Conclusions—The magnitude and dispersion of local repolarization responses are related to the severity of denervation, as well as the type of stimulation: neural (SS) versus humoral (NE). The differences may relate to the concentration of NE released.
Repolarization abnormalities are thought to be related to malignant tachyarrhythmias and sudden cardiac death in patients with various cardiac diseases, and reentry is thought to be the most common underlying mechanism.1 2 Heterogeneity in the spatial distribution and activity of sympathetic innervation is also thought to contribute to the potential for fatal arrhythmia, possibly through effects on reentry.3 4 Recently, several investigations have suggested a relationship between regional neuronal dysfunction and ventricular arrhythmia in humans5 6 and animals7 8 in the absence of infarction or perfusion abnormalities. Denervation supersensitivity to circulating catecholamines has been implicated in the pathogenesis of these arrhythmias.5 However, little is known about the effects of the magnitude and spatial distribution of denervation on the distribution of local ventricular repolarization.
The purpose of this study was to evaluate the effects of sympathetic stimulation on myocardial repolarization in regions of mild, moderate, and severe denervation. We applied phenol to the epicardium in rabbit hearts to create regional denervation.
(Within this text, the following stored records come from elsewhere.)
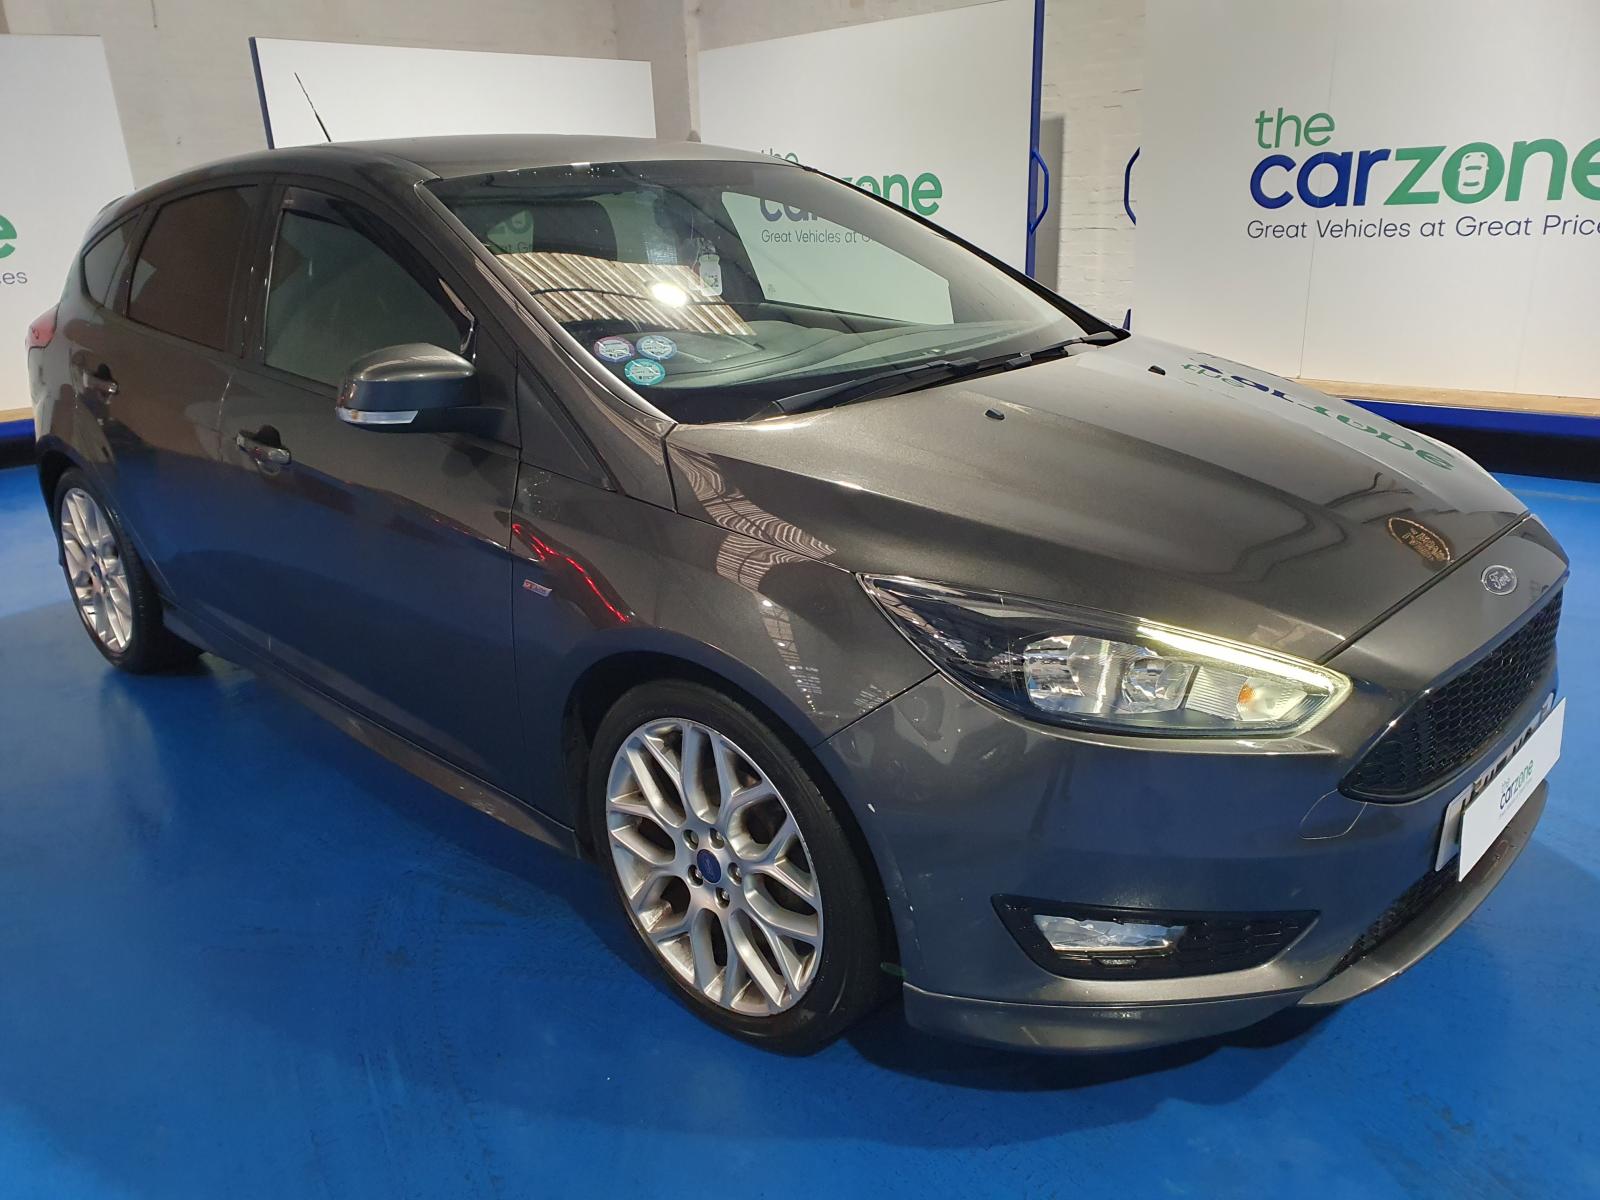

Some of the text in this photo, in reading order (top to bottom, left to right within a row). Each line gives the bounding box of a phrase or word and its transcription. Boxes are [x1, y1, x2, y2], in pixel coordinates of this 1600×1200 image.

[1255, 107, 1335, 149] the
[761, 229, 793, 243] Great
[796, 229, 841, 243] Vehicles
[1247, 214, 1600, 239] Great Vehicles at Great Pric
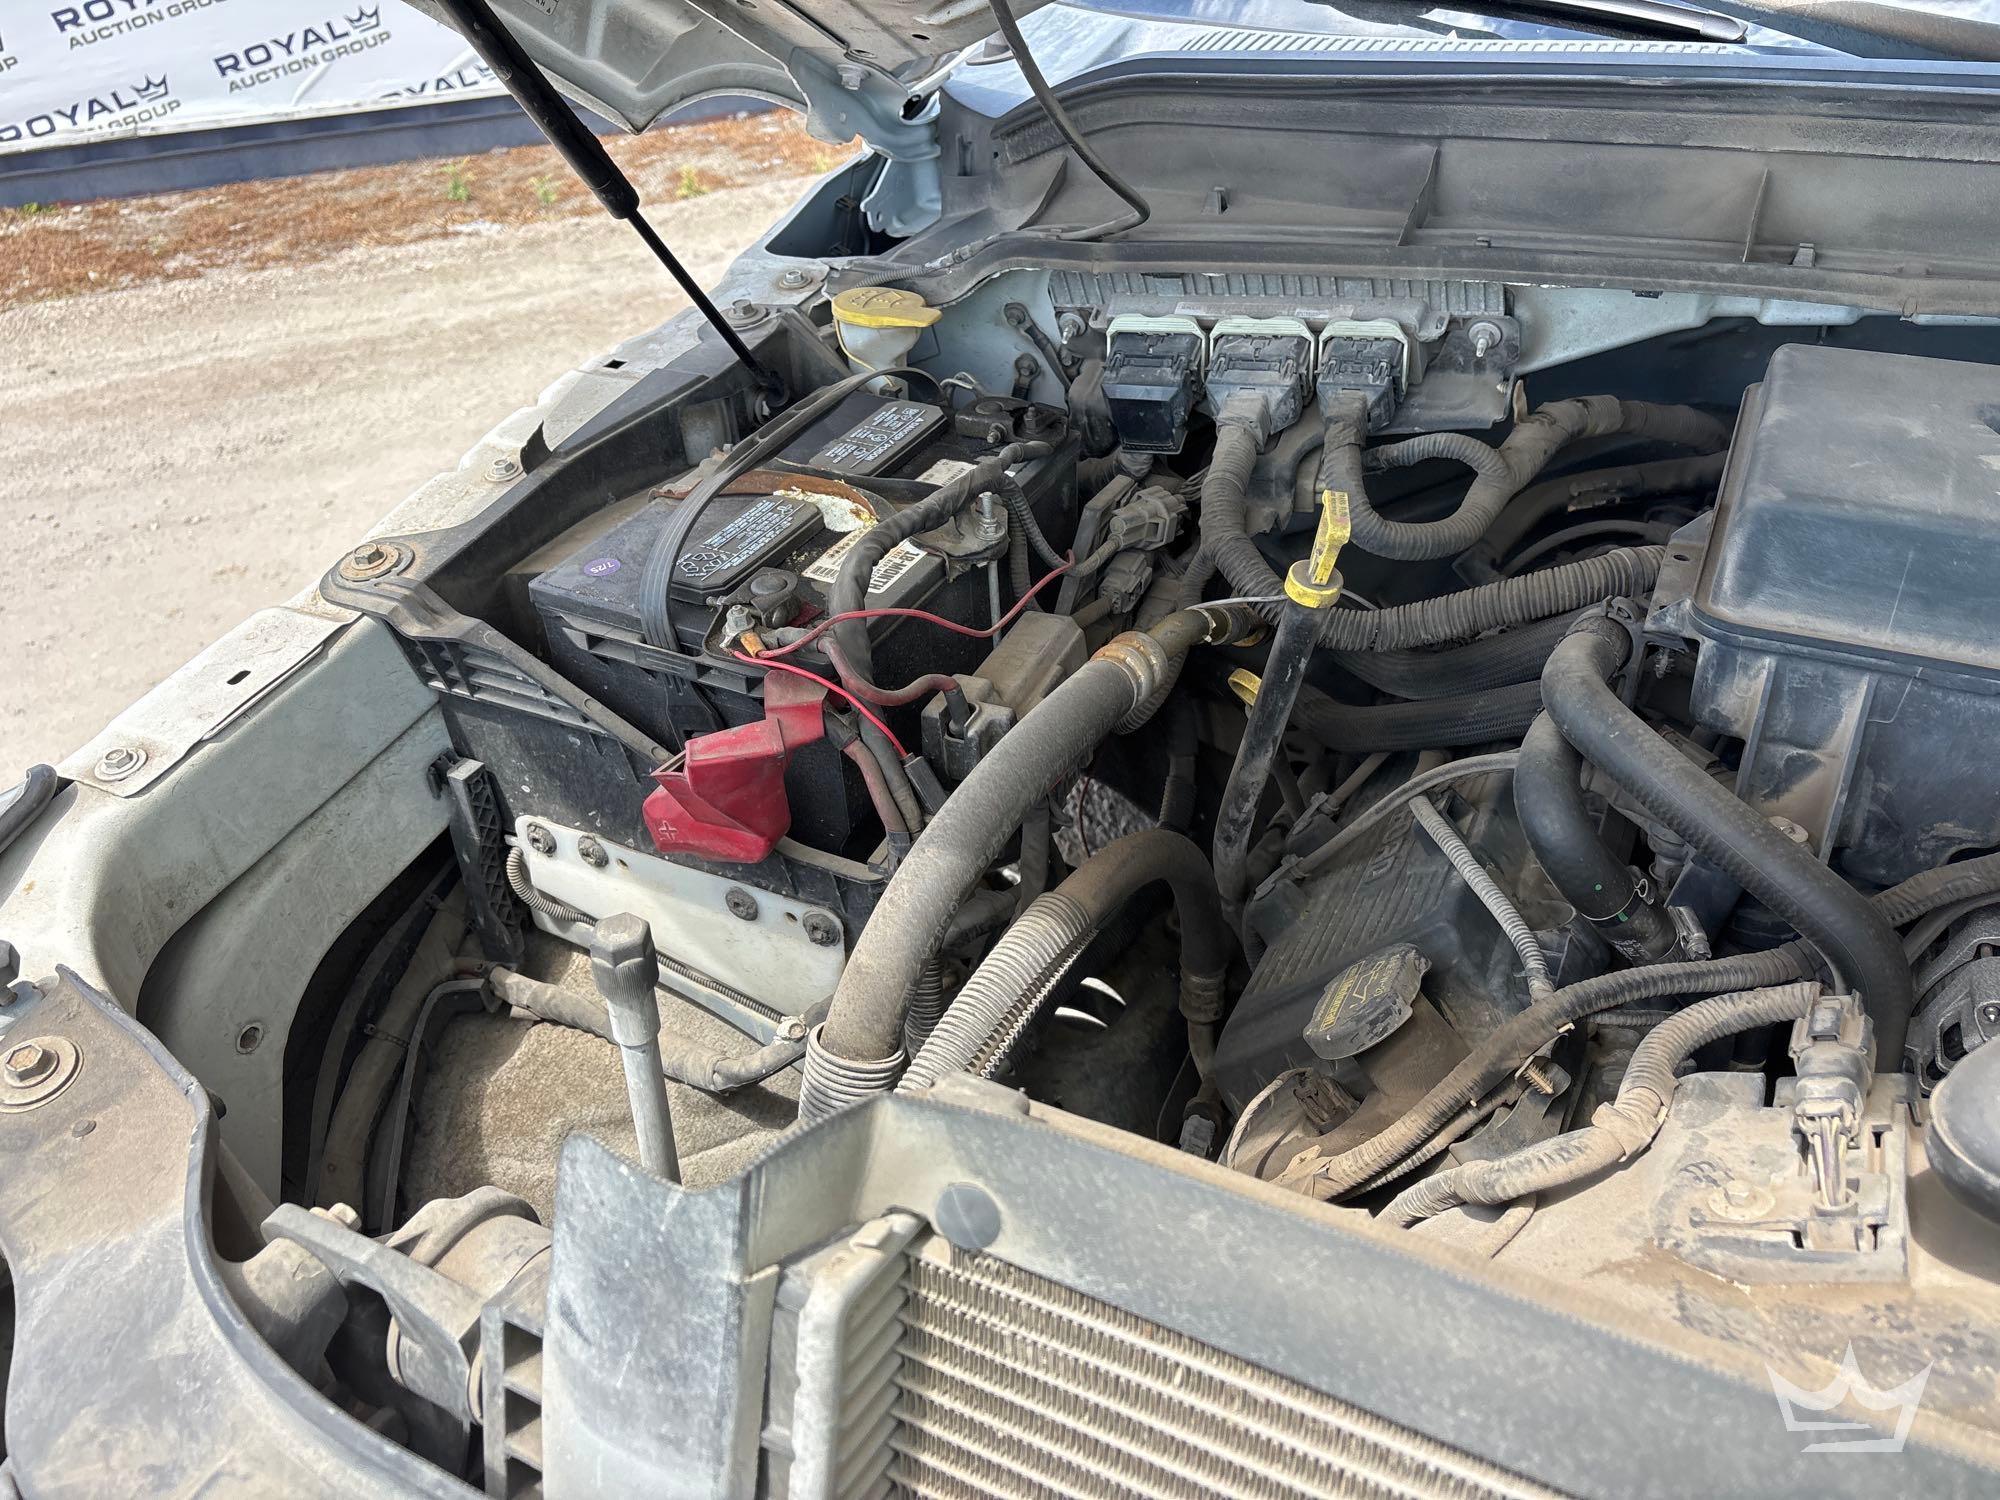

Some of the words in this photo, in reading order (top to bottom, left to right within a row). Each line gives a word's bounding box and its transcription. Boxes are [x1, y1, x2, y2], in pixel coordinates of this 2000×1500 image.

[69, 8, 164, 50] AUCTION
[166, 0, 227, 17] GRO
[214, 20, 350, 77] ROYAL
[228, 54, 318, 93] AUCTION
[320, 30, 392, 63] GROUP
[590, 561, 615, 574] 7/25
[869, 550, 920, 590] 18-MONTH
Phenol causes necrosis to a depth of 0.25 mm on the epicardium and interrupts both afferent and efferent sympathetic fibers, denervating myocardium downstream from the injured area.8 Sympathetic innervation was measured from 3D reconstructions of serial autoradiographs of metaiodobenzylguanidine (MIBG) to map sympathetic nerves and sestamibi (MIBI) to map perfusion. Scintigraphic results were compared with activation recovery intervals (ARIs)9 10 measured simultaneously at 64 epicardial sites. We tested the hypothesis that various degrees of denervation would result in various local repolarization responses during adrenergic stimulation.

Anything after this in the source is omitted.